:: Your goal ::
Return nothing except the lines from the one that contains "Some of the words" through the end of the material below, each exactly as given.

= = = =

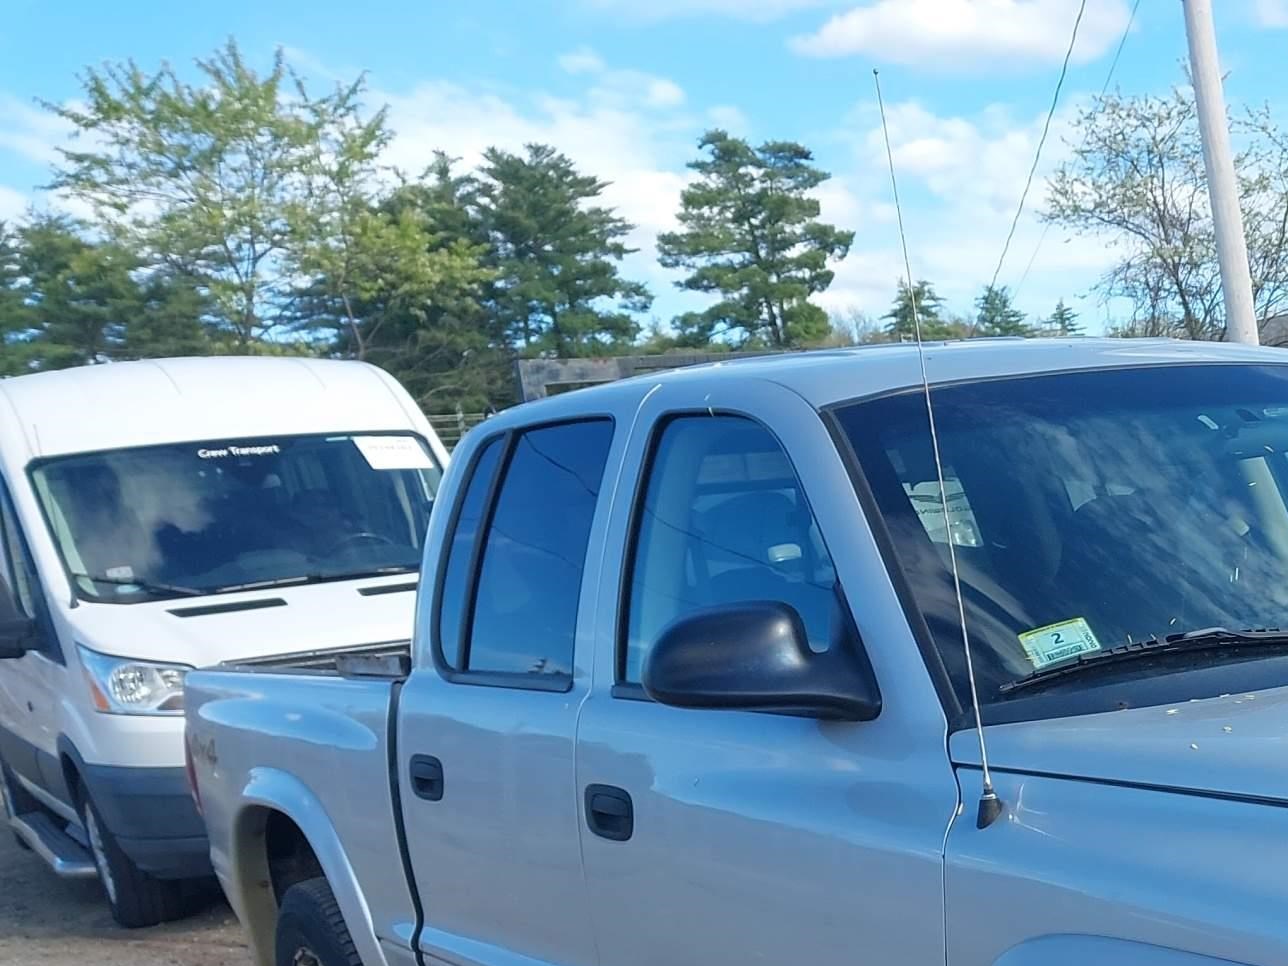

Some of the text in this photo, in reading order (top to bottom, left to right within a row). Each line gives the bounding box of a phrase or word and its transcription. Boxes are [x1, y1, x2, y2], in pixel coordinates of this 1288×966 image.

[197, 444, 280, 459] Crew Transport
[1050, 632, 1064, 645] 2
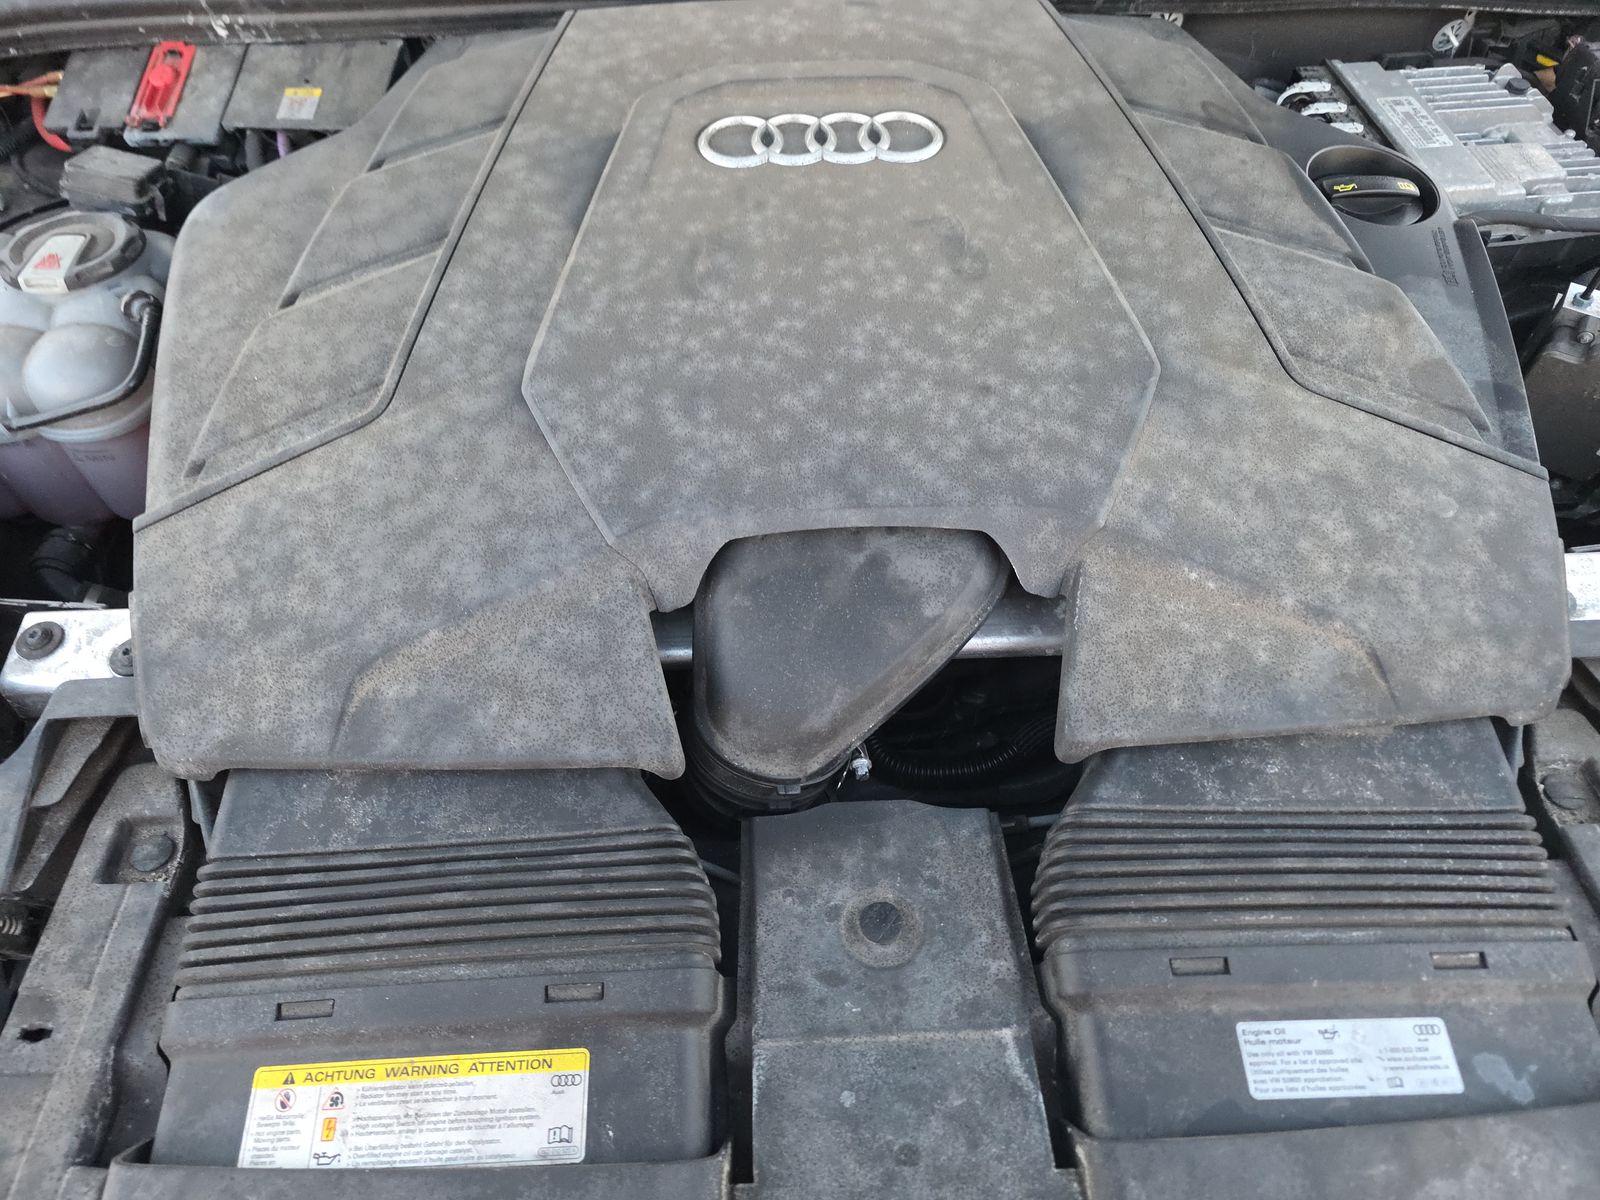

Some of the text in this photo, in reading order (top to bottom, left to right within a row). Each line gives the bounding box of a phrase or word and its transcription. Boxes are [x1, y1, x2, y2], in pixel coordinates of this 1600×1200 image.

[1241, 1029, 1271, 1037] Engine
[303, 1058, 552, 1082] ACHTUNG WARNING ATTENTION
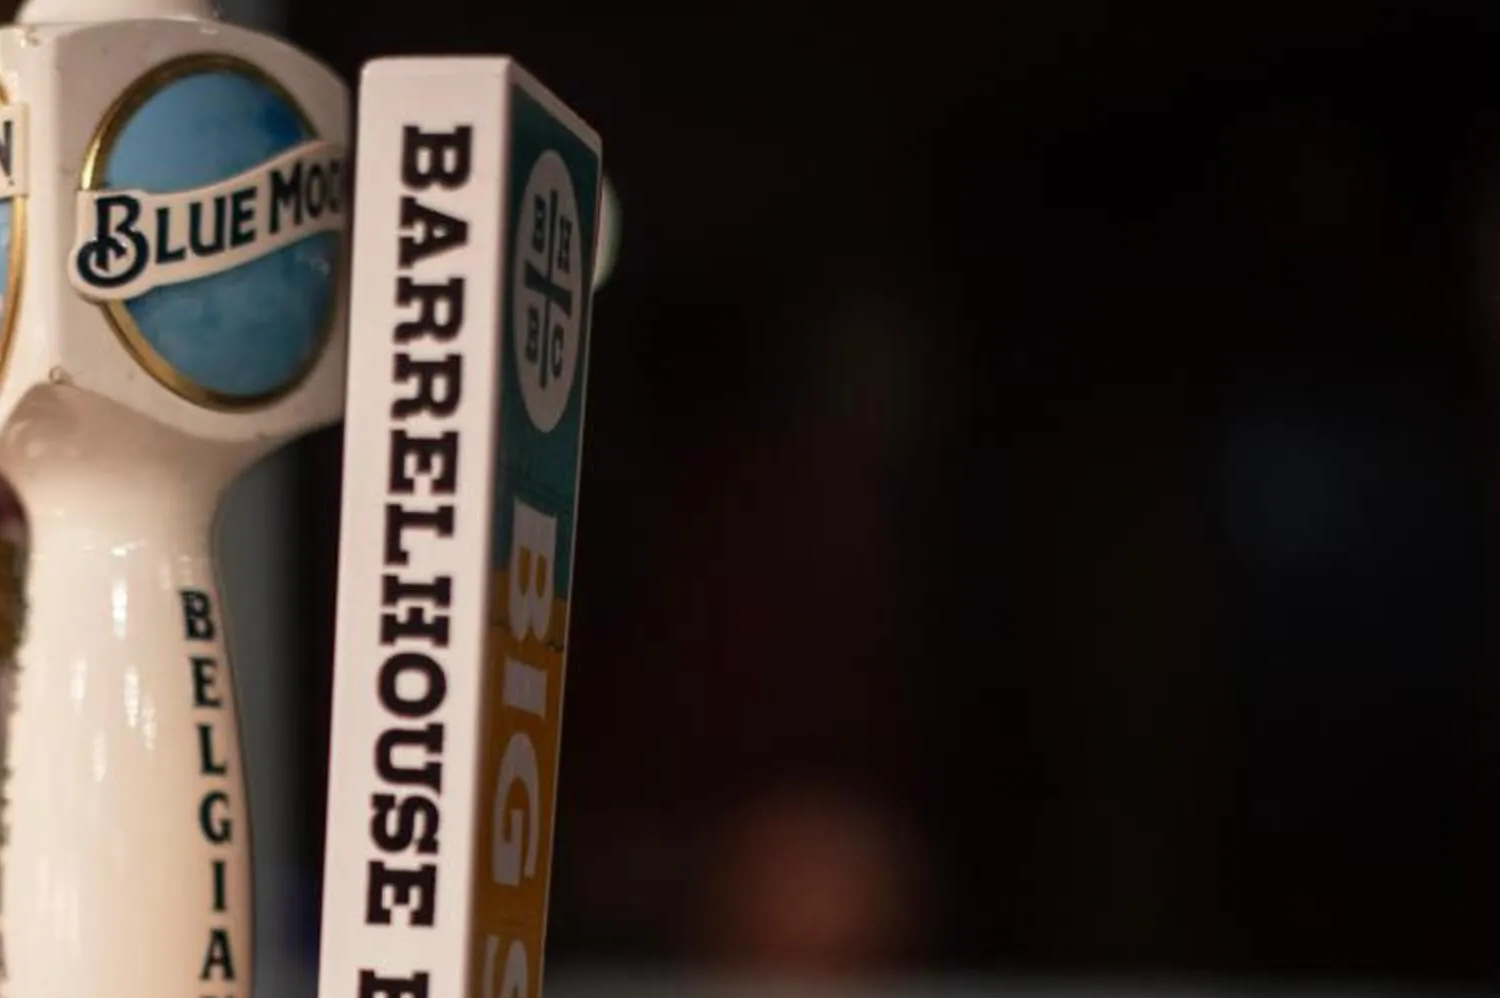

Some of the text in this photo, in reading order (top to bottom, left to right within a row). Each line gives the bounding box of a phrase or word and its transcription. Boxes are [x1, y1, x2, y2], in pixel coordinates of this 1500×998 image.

[76, 186, 257, 289] BLUE
[366, 124, 473, 927] BARRELHOUSE
[492, 497, 558, 887] BIG
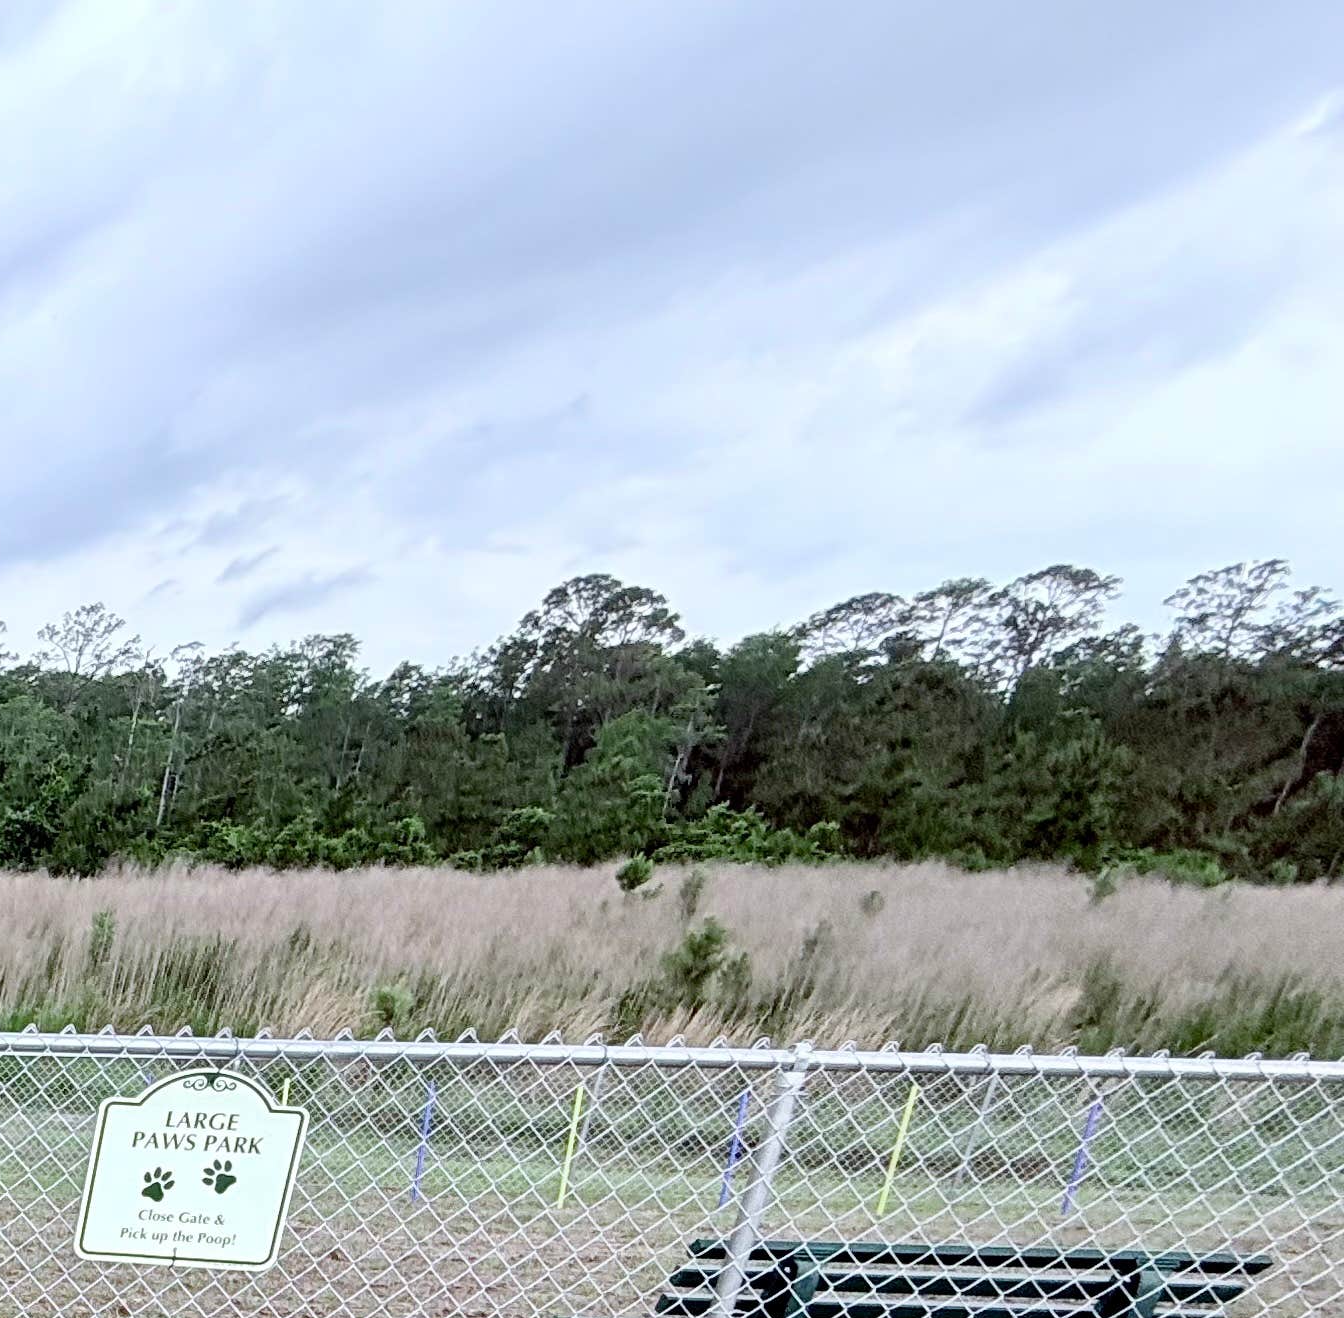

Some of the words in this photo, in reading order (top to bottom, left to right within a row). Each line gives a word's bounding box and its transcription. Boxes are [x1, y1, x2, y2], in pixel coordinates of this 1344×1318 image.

[165, 1110, 240, 1131] LARGE
[131, 1131, 197, 1151] PAWS
[203, 1134, 264, 1154] PARK
[137, 1209, 175, 1223] Close
[178, 1211, 211, 1225] Gate
[214, 1214, 226, 1226] &
[119, 1227, 147, 1240] Pick
[151, 1231, 169, 1242] up
[172, 1229, 194, 1243] the
[197, 1232, 237, 1247] Poop!

= = = =

:: Result ::
Some of the words in this photo, in reading order (top to bottom, left to right within a row). Each line gives a word's bounding box and its transcription. Boxes are [x1, y1, x2, y2], in pixel coordinates of this 1344×1318 image.

[165, 1110, 240, 1131] LARGE
[131, 1131, 197, 1151] PAWS
[203, 1134, 264, 1154] PARK
[137, 1209, 175, 1223] Close
[178, 1211, 211, 1225] Gate
[214, 1214, 226, 1226] &
[119, 1227, 147, 1240] Pick
[151, 1231, 169, 1242] up
[172, 1229, 194, 1243] the
[197, 1232, 237, 1247] Poop!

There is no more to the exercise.